In a news release, the company said that its Boca Raton operations have more than tripled since the COVID-19 pandemic began in March 2020. Before the pandemic, the airport had opened a customs facility, which made the facility more appealing for private air travelers.
Clara Bennett, the airport’s executive director, said Atlantic Aviation’s lease is an “affirmation” of the airport’s own $40 million worth of improvements to other parts of the roughly 200-acre facility. The airport and Atlantic “redid” a lease that dated to the 1980s and needed updating.
Bennett said Atlantic is responding to the market. General aviation aircraft are getting larger, with wider wingspans. That change is creating a need for bigger hangars. This investment will enhance the aircraft’s appeal not just to private owners but to corporations that want travel convenience.
“It’s another way,” Bennett said, “of saying that Boca Raton is a good place to do business.”
FAU receives record-breaking donation

Those three examples represent investment in buildings. FAU also just got a very large investment in people.
Ann and John Wood donated $28 million to the Schmidt College of Medicine toward tuition reimbursement for students. It’s part of a national effort to reduce the debt burden for newly graduated doctors that can be as high as $250,000. The Woods’ donation is the largest scholarship gift FAU has received. It is their third such gift to the medical school.

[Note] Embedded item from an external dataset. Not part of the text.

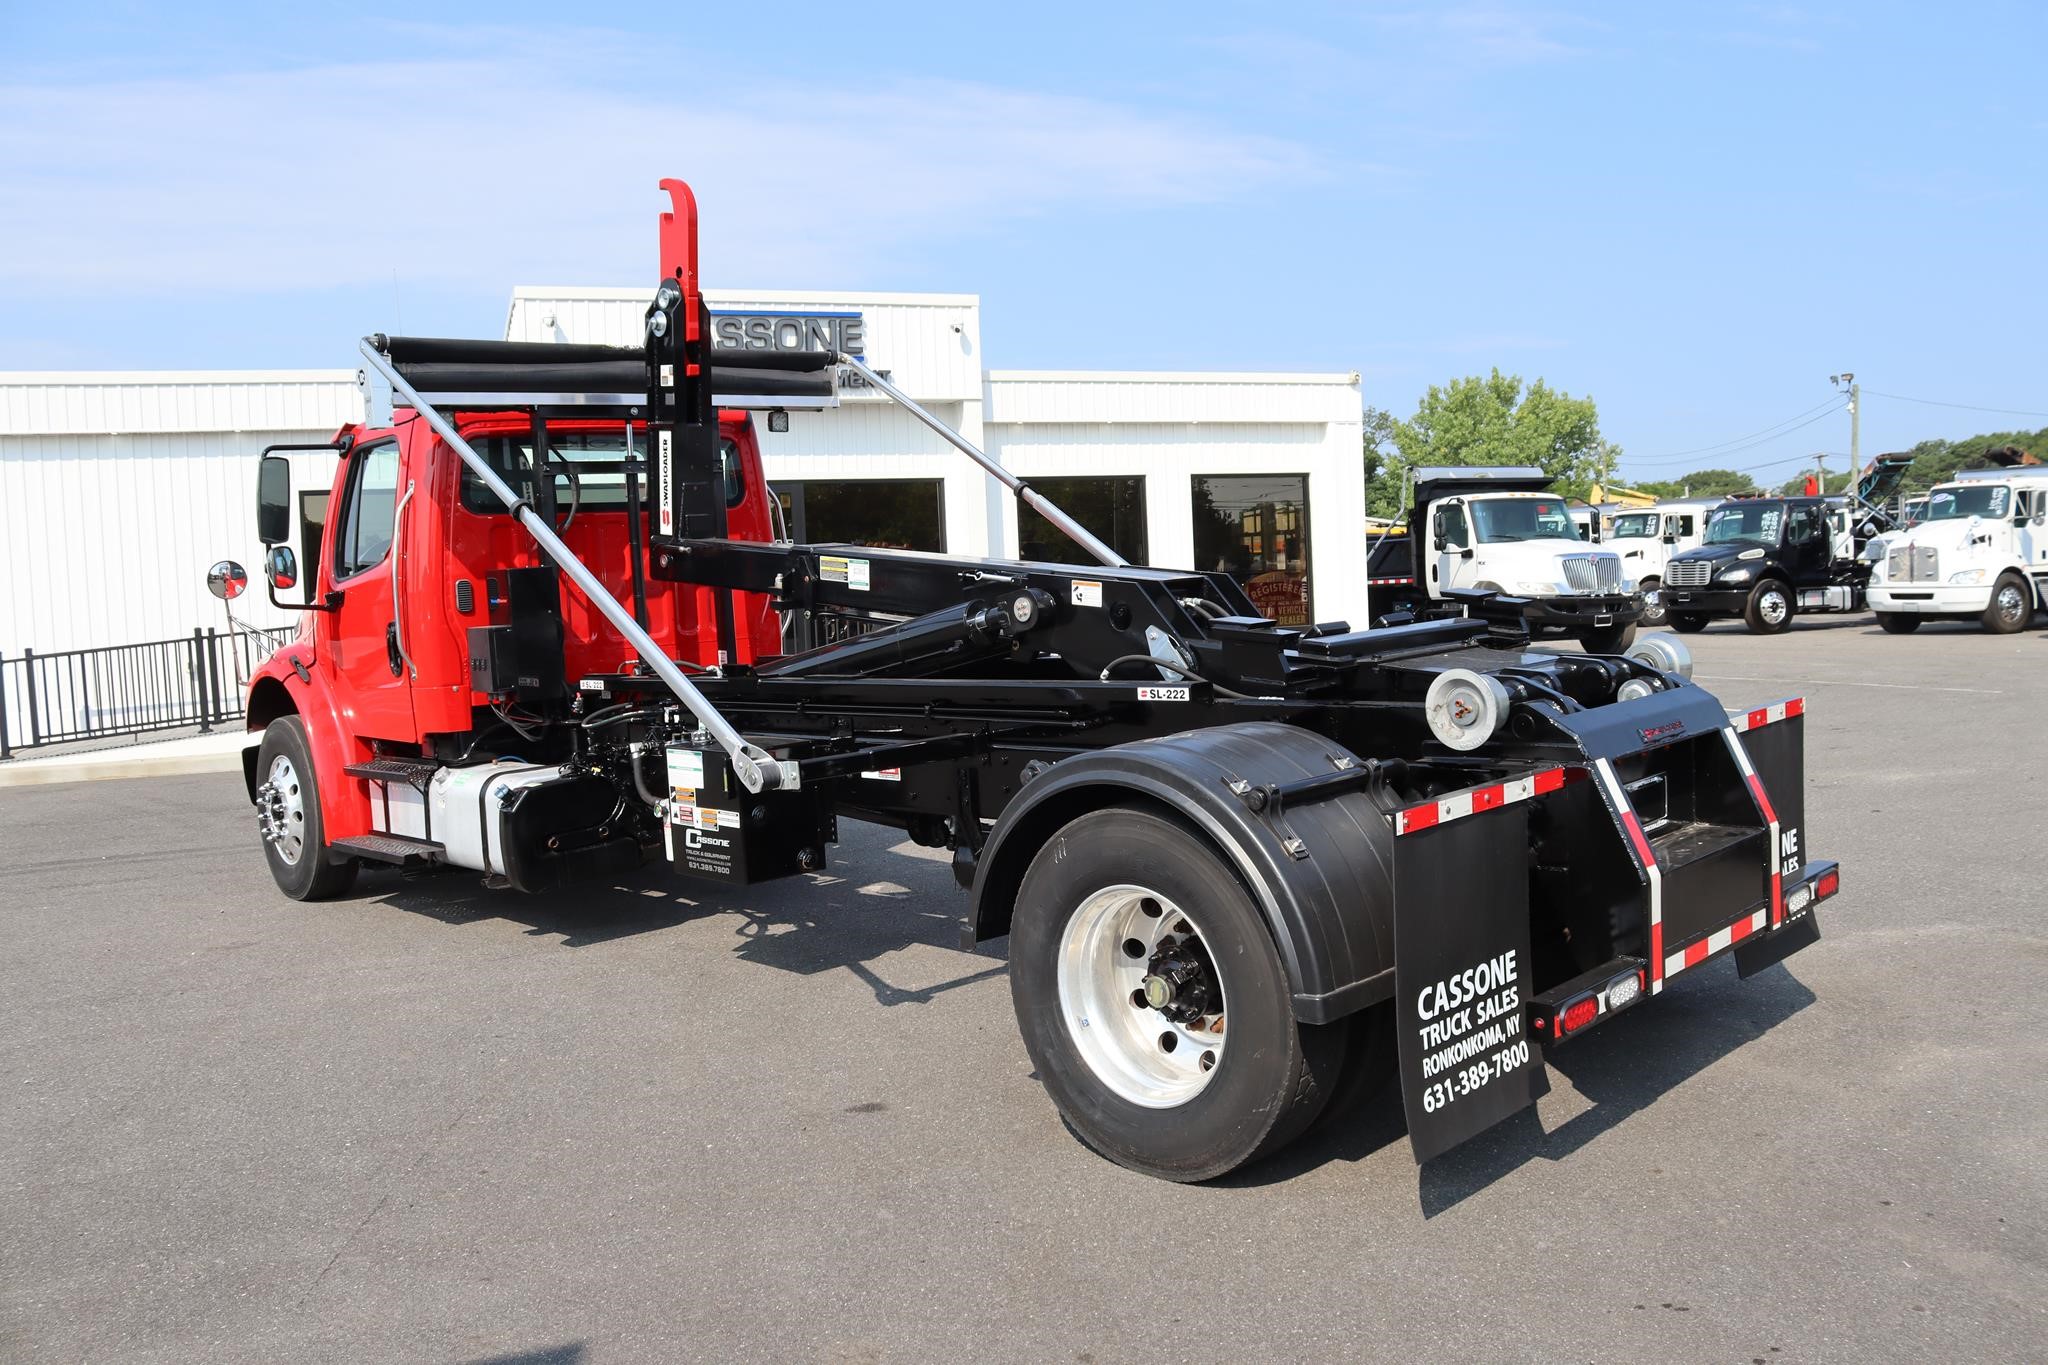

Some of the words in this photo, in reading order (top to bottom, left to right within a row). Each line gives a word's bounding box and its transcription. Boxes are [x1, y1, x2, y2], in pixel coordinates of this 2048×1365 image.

Dr. Julie Pilitsis is dean of the school. John Wood, she said, went to college under the post-World War II GI Bill and went on to run a large concrete company. Wood, Pilitsis said, wanted others to start careers debt-free.
Debt burden, Pilitisis said, hurts the health care industry in two ways. Some potential doctors who come from families of limited means never may even apply. Graduates with heavy debt loads may seek a high-income specialty when the biggest need, Pilitsis said, is “more primary care physicians.”
Impressive as the Woods’ donation is, Pilitisis said it gets the medical school only about 10 perent of the way toward that goal for all students after they complete four years of study. Enrollment per class will be roughly 100 in three years. “We hope that this is just the start,” Pilitsis said. “We hope other philanthropists will be inspired by this.”
Boca proposes ordinance on home businesses

On the agenda for tonight’s meeting of the Boca Raton City Council is an item concerning “home-based businesses.” Indeed, the item is to make that label official.
Until now, Boca Raton has considered businesses operating out homes to be “home occupations,” which are different from a store or office. Last year, however, the Legislature passed and Gov. DeSantis signed legislation that cities and counties opposed because it broadens the definition of a home-based business. Critics believe that it could lead to any sort of business being able to operate anywhere and represented the biggest attack yet on home rule.
Under Boca Raton’s proposed ordinance, “home-based businesses” could not sell products in that home and would get more parking than city rules allow. Homeowner association rules could take precedence over the ordinance. But such businesses now could employ two people who don’t live at the residence and use two contractors who don’t live there.
The staff, citing that 2021 law, recommends approval. It’s clearly an attempt to avoid someone suing the city. Gov. DeSantis still has not received this year’s bill that would allow businesses to sue cities over regulations that cost a company at least 15 percent of its profits.